2.2. Linkage methodology
According to Colorado statutes, the CCCR cannot release identifying information. Therefore, the CCCR conducted the linkage and deidentified the data before releasing them to the research team. CIVHC sent identifiers (APCD member ID, Social Security Number (SSN), date of birth (DOB), last name, first name, and sex) of all individuals older than 21 who appeared at least once in the ACPD from 2012 to 2017. The CCCR registrar sent APCD member IDs of patients who were successfully linked. CIVHC then extracted all claims for linked individuals and sent them to the investigators. The CCCR sent investigators deidentified information for patients linked and not linked.
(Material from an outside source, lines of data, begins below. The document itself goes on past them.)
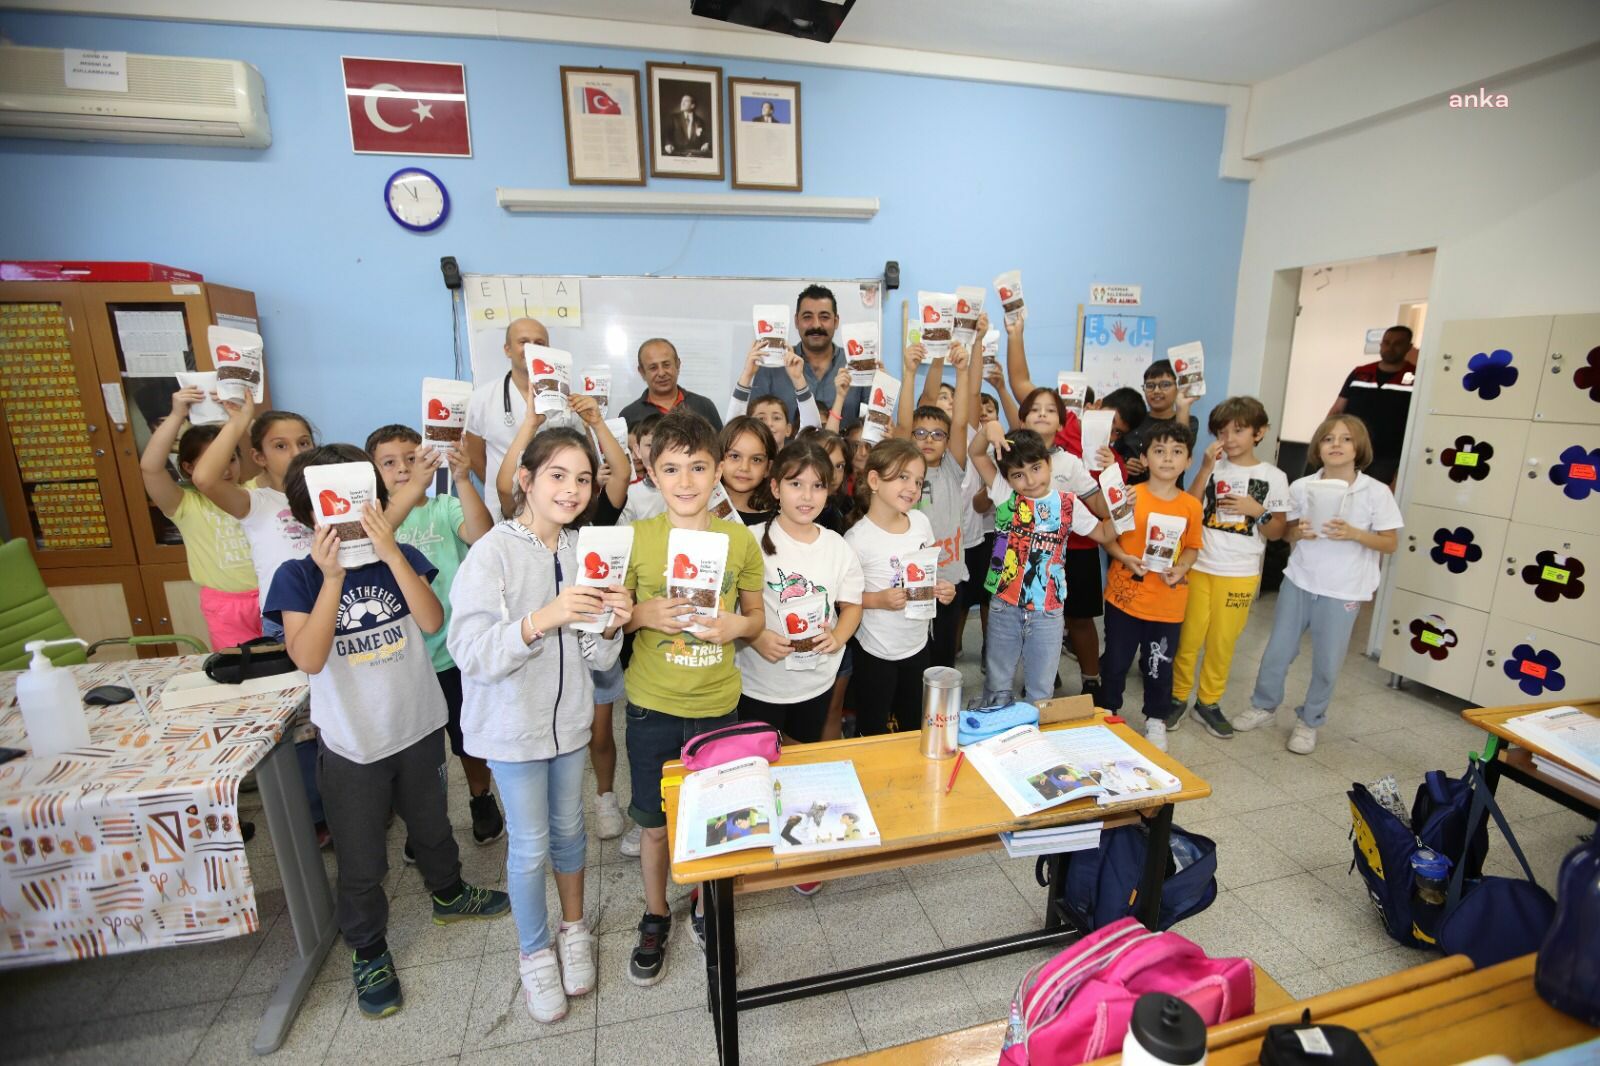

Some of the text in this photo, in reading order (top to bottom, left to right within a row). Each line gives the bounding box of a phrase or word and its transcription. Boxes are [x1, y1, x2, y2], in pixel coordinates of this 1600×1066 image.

[342, 589, 357, 604] OF
[356, 586, 378, 598] THE
[377, 587, 402, 613] FIELD
[336, 633, 384, 656] GAME
[383, 625, 404, 645] ON
[691, 643, 723, 656] TRUE
The linkage was performed using a probabilistic linkage approach following the Fellegi‐Sunter model 23 , 24 as implemented by Match*Pro. 25 We used the following five data fields: SSN, DOB, last name, first name, and sex. Match*Pro reports a score for each of the fields based on an assessment of the similarity between data fields. The total score is the sum of the scores for each of the five fields. Partial similarity in key fields (e.g., transposition of digits in SSN) was incorporated. If a particular data field is not a perfect match, the score for that field is lowered or could be negative if too dissimilar, reducing the overall score. If a data field is missing, the score for that data field is set to zero. Matched sets of individuals with scores lower than 15 were considered unsuccessful matches. Each field score is helpful for review since similar values (i.e., consecutive SSN numbers) would score higher than larger differences (or missing values). Matched sets of individuals with scores greater or equal than 15 were considered potentially linked records and further evaluated.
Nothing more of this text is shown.